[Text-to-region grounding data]
====
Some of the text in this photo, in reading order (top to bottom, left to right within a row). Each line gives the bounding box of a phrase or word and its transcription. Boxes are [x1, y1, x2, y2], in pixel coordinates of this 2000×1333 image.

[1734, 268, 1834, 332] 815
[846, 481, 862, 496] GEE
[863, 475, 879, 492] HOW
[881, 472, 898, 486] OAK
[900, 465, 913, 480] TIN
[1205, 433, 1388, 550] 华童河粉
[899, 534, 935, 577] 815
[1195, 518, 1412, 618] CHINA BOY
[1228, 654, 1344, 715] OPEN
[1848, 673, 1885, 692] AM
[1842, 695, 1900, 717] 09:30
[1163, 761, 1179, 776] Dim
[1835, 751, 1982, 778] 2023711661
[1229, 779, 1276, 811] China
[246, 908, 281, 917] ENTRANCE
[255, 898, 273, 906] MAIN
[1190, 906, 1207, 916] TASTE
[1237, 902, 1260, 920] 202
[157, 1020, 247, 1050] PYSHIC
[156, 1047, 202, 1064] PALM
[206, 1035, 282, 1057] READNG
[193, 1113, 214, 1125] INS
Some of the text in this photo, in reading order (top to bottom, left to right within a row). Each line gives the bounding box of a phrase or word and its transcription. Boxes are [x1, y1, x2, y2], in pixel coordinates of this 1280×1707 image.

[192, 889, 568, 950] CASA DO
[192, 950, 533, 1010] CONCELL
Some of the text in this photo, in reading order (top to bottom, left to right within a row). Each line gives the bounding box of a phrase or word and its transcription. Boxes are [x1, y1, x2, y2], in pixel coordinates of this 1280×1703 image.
====
# Assignment
The records above are to be transcribed exactly, with nothing left out.

# Result of the task
Some of the text in this photo, in reading order (top to bottom, left to right within a row). Each line gives the bounding box of a phrase or word and its transcription. Boxes are [x1, y1, x2, y2], in pixel coordinates of this 2000×1333 image.

[1734, 268, 1834, 332] 815
[846, 481, 862, 496] GEE
[863, 475, 879, 492] HOW
[881, 472, 898, 486] OAK
[900, 465, 913, 480] TIN
[1205, 433, 1388, 550] 华童河粉
[899, 534, 935, 577] 815
[1195, 518, 1412, 618] CHINA BOY
[1228, 654, 1344, 715] OPEN
[1848, 673, 1885, 692] AM
[1842, 695, 1900, 717] 09:30
[1163, 761, 1179, 776] Dim
[1835, 751, 1982, 778] 2023711661
[1229, 779, 1276, 811] China
[246, 908, 281, 917] ENTRANCE
[255, 898, 273, 906] MAIN
[1190, 906, 1207, 916] TASTE
[1237, 902, 1260, 920] 202
[157, 1020, 247, 1050] PYSHIC
[156, 1047, 202, 1064] PALM
[206, 1035, 282, 1057] READNG
[193, 1113, 214, 1125] INS
Some of the text in this photo, in reading order (top to bottom, left to right within a row). Each line gives the bounding box of a phrase or word and its transcription. Boxes are [x1, y1, x2, y2], in pixel coordinates of this 1280×1707 image.

[192, 889, 568, 950] CASA DO
[192, 950, 533, 1010] CONCELL
Some of the text in this photo, in reading order (top to bottom, left to right within a row). Each line gives the bounding box of a phrase or word and its transcription. Boxes are [x1, y1, x2, y2], in pixel coordinates of this 1280×1703 image.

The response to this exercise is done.